= Problem requirements =
Copy every record exactly, leaving the pictures out.

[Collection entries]
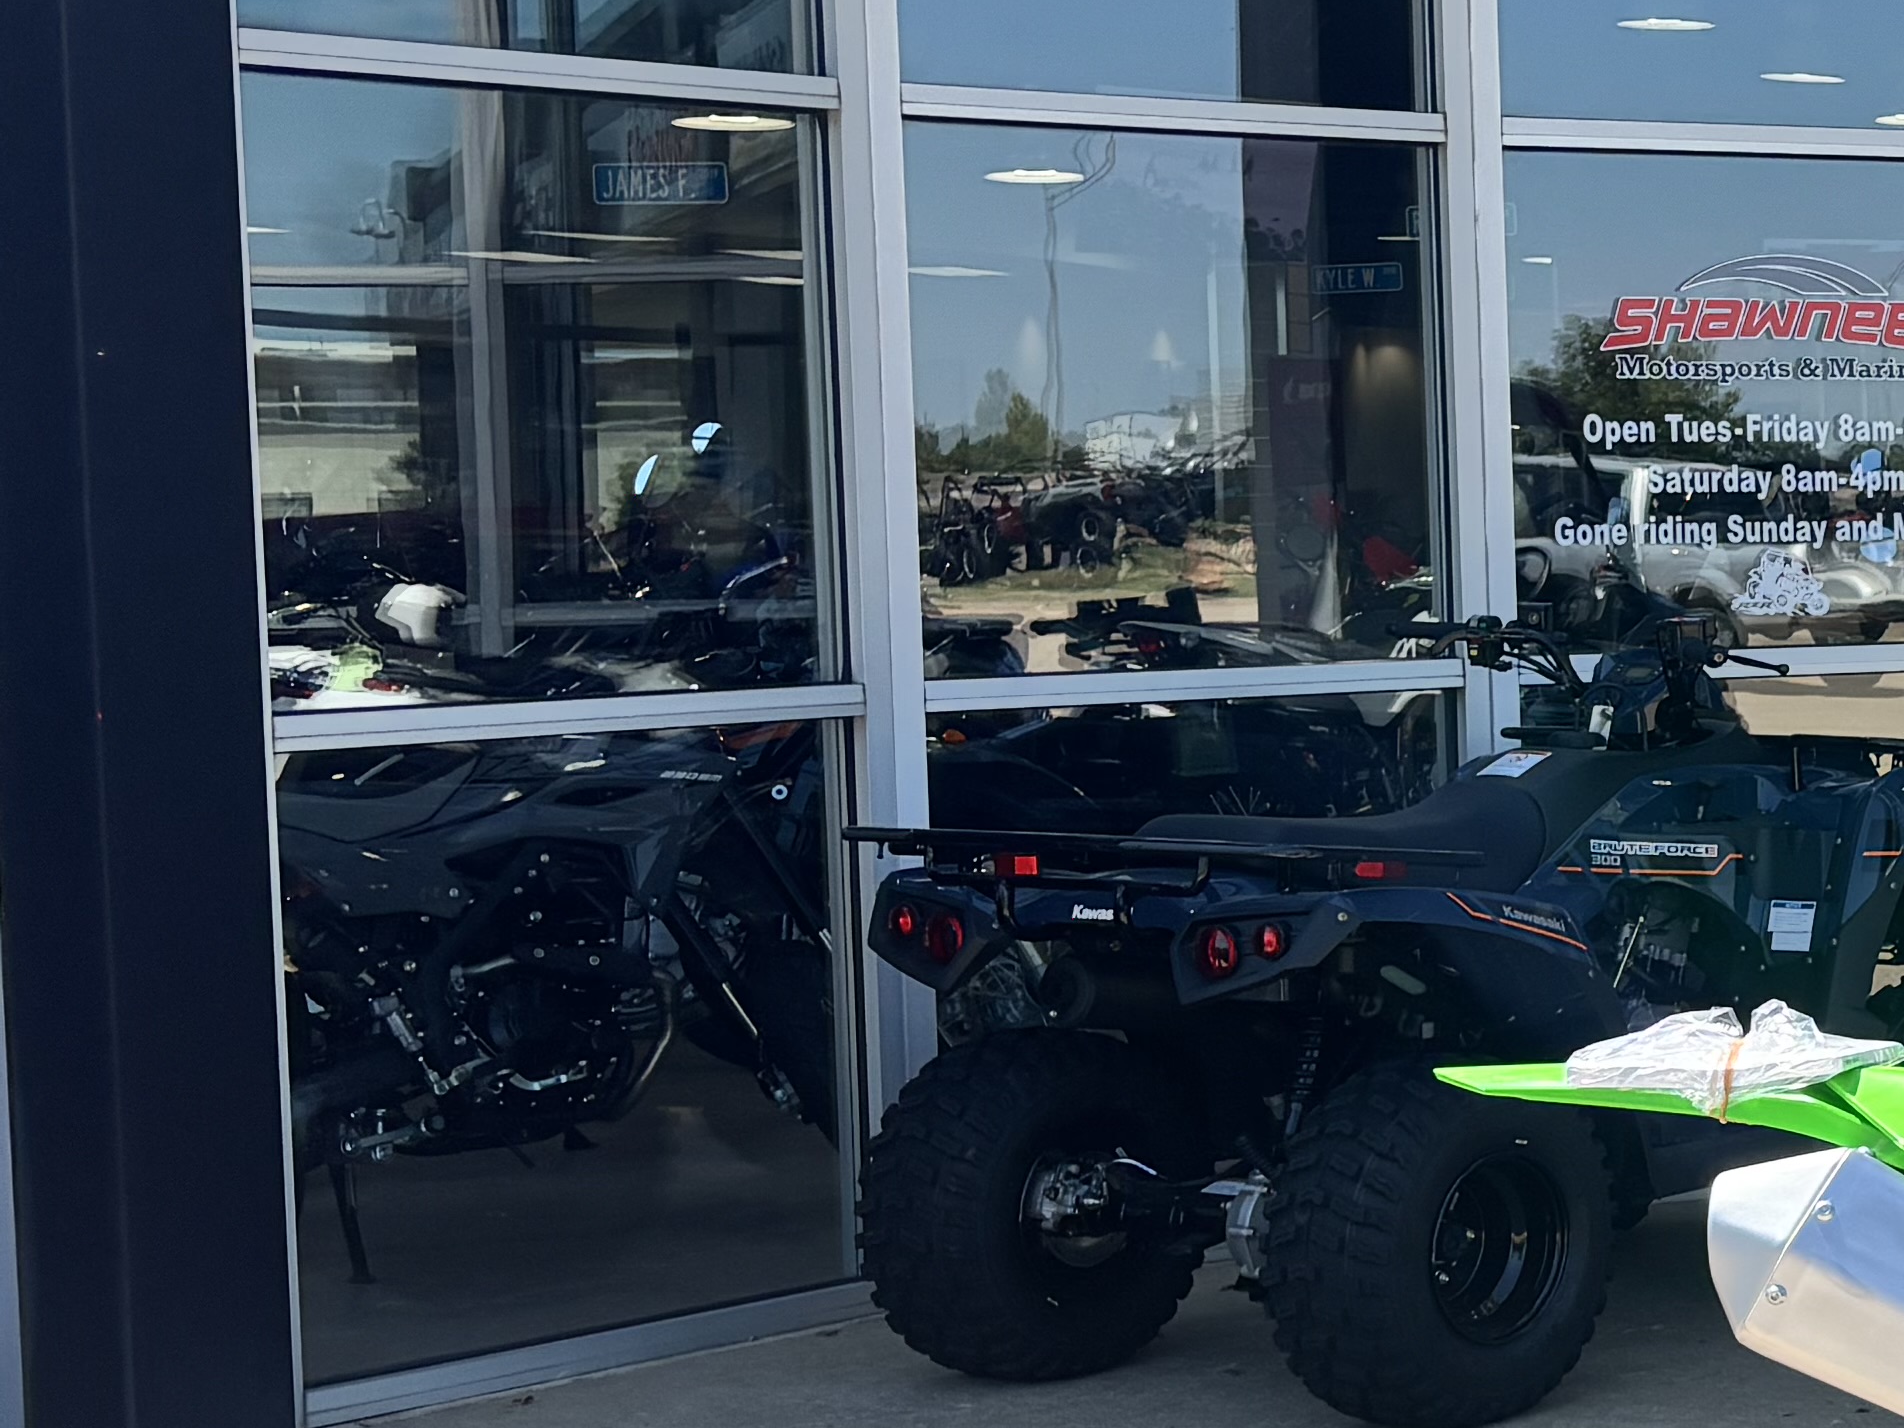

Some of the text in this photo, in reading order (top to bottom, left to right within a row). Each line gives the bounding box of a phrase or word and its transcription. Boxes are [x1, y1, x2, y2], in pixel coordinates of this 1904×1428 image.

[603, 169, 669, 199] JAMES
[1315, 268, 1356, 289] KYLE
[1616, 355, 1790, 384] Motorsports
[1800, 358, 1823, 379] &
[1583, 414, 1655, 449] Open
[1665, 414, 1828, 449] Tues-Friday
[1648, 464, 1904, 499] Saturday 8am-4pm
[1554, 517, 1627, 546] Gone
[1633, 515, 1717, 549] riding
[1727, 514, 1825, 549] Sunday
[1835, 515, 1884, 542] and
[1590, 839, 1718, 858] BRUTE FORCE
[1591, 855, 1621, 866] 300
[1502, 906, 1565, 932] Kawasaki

= Solution =
Some of the text in this photo, in reading order (top to bottom, left to right within a row). Each line gives the bounding box of a phrase or word and its transcription. Boxes are [x1, y1, x2, y2], in pixel coordinates of this 1904×1428 image.

[603, 169, 669, 199] JAMES
[1315, 268, 1356, 289] KYLE
[1616, 355, 1790, 384] Motorsports
[1800, 358, 1823, 379] &
[1583, 414, 1655, 449] Open
[1665, 414, 1828, 449] Tues-Friday
[1648, 464, 1904, 499] Saturday 8am-4pm
[1554, 517, 1627, 546] Gone
[1633, 515, 1717, 549] riding
[1727, 514, 1825, 549] Sunday
[1835, 515, 1884, 542] and
[1590, 839, 1718, 858] BRUTE FORCE
[1591, 855, 1621, 866] 300
[1502, 906, 1565, 932] Kawasaki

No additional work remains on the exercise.